The test is mainly used if researchers know the true proportions of the categories in the population from which they aimed to draw their sample. If we try to draw a sample from all citizens of a country, we usually know the frequency distribution of sex, age, educational level, and so on for all citizens from the national bureau of statistics. With the bureau's information, we can test if the respondents in our sample have the same distribution with respect to sex, age, or educational level as the population from which we tried to draw the sample; just use the official population proportions in the null hypothesis.

If the proportions in the sample do not differ more from the known proportions in the population than we expect based on chance, the sample is _representative_ of the population _in the statistical sense_ (see Section \@ref(representative)). As always, we use the _p_ value of the test as the probability of obtaining our sample or a sample that is even more different from the null hypothesis, if the null hypothesis is true.

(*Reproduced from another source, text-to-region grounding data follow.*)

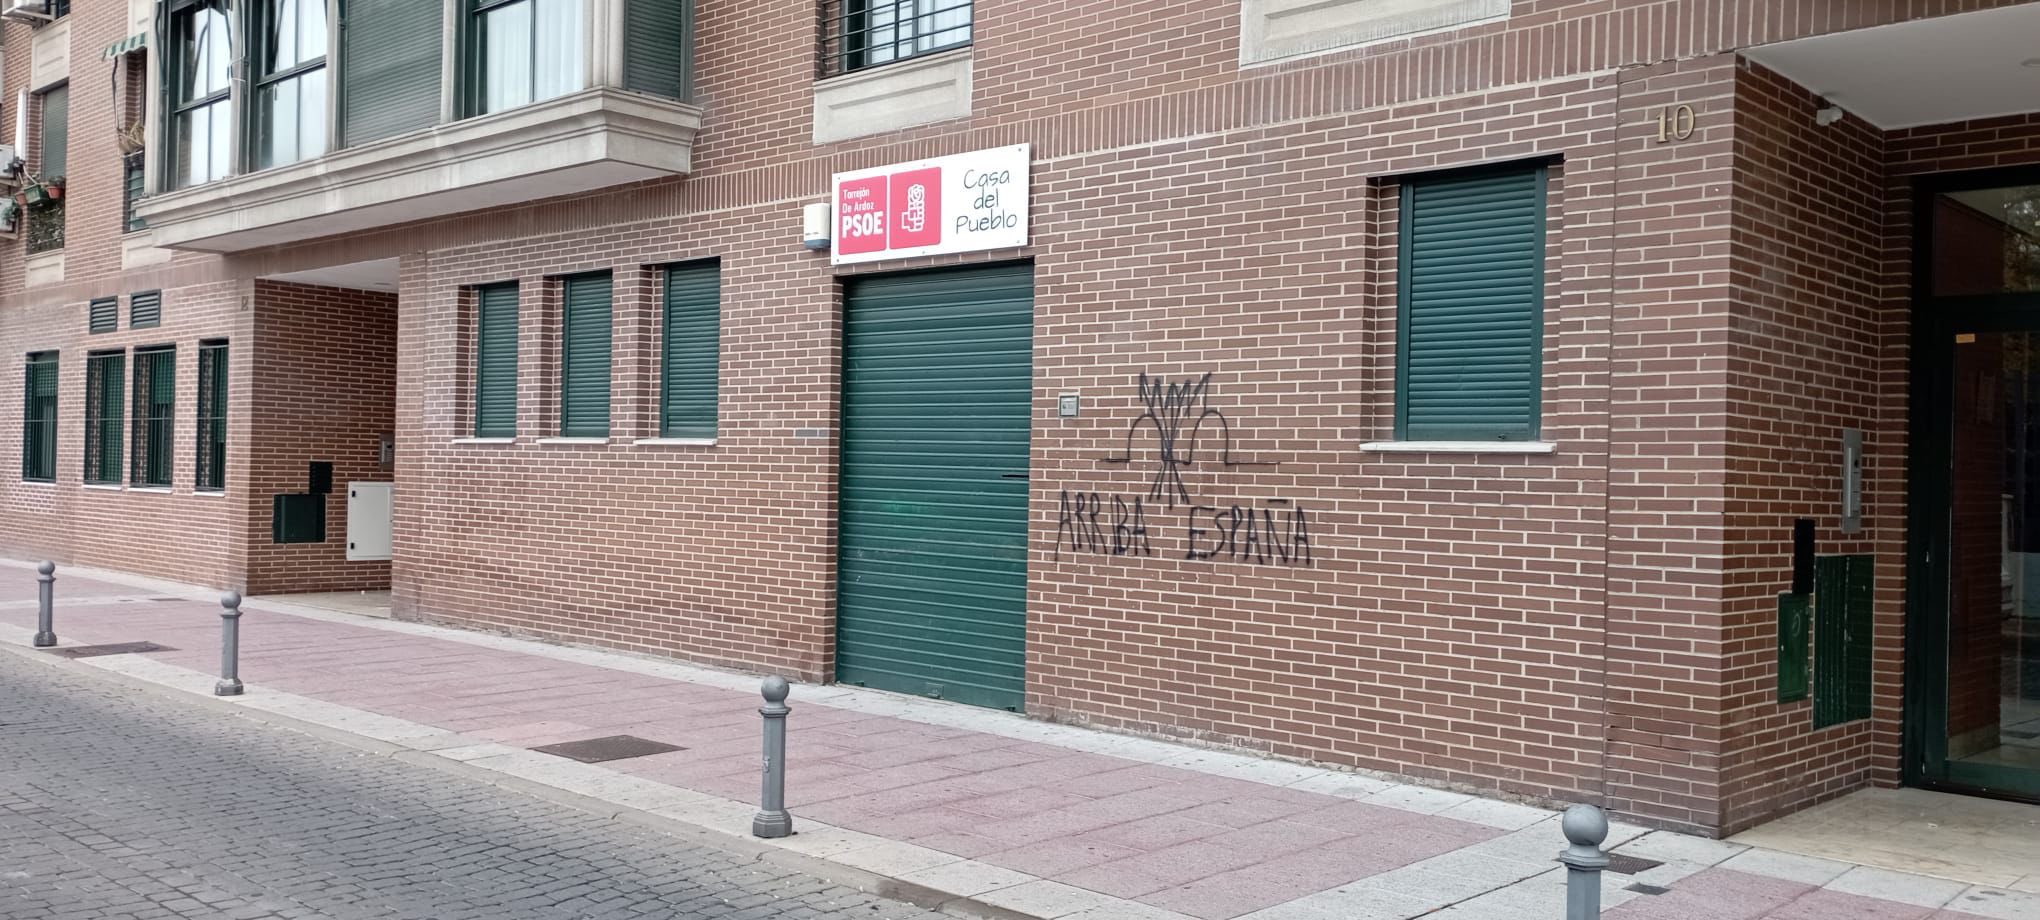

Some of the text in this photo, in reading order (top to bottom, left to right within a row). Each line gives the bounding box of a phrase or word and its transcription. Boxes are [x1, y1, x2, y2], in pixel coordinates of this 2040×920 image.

[1656, 105, 1695, 143] 10
[964, 168, 1009, 189] Casa
[843, 187, 870, 200] Torrejón
[974, 187, 998, 209] del
[842, 200, 875, 213] De Ardoz
[842, 211, 884, 238] PSOE
[956, 208, 1017, 234] Pueblo
[1054, 490, 1312, 566] ARRIBA ESPAÑA

Note that the null hypothesis now represents the (distribution in) the population from which we tried to draw our sample. We conclude that the sample is representative of this population in the statistical sense if we can _not_ reject the null hypothesis, that is, if the _p_ value is _larger_ than .05. Not rejecting the null hypothesis means that we have sufficient probability that our sample was drawn from the population that we wanted to investigate. We can now be more confident that our sample results generalize to the population that we meant to investigate.

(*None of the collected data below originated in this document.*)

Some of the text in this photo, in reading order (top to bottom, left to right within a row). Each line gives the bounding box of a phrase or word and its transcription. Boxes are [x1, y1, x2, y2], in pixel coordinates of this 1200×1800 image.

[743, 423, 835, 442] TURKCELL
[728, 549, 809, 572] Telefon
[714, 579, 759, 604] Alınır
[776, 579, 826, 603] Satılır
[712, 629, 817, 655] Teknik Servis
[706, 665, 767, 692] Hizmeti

### Testing proportions in SPSS {-}

For a binomial test, see the video in Figure \@ref(fig:SPSSbinomial). A one-sample chi-squared test is explained in the video of Figure \@ref(fig:SPSSchisq1). Exercises are available in Section \@ref(nullSPSS).

## Mean and median: level {-}
Research hypotheses that focus on the level of scores are usually best tested with the mean or another measure of central tendency such as the median value. For example, the hypothesis that media literacy is below a particular standard (e.g., 5.5 on a 10-point scale) among children refers to a level: the level of media literacy scores.

The hypothesis probably does not argue that all children have a media literacy score below 5.5. Instead, it means to say that the overall level is below this standard. The center of the distribution offers a good indication of the general score level.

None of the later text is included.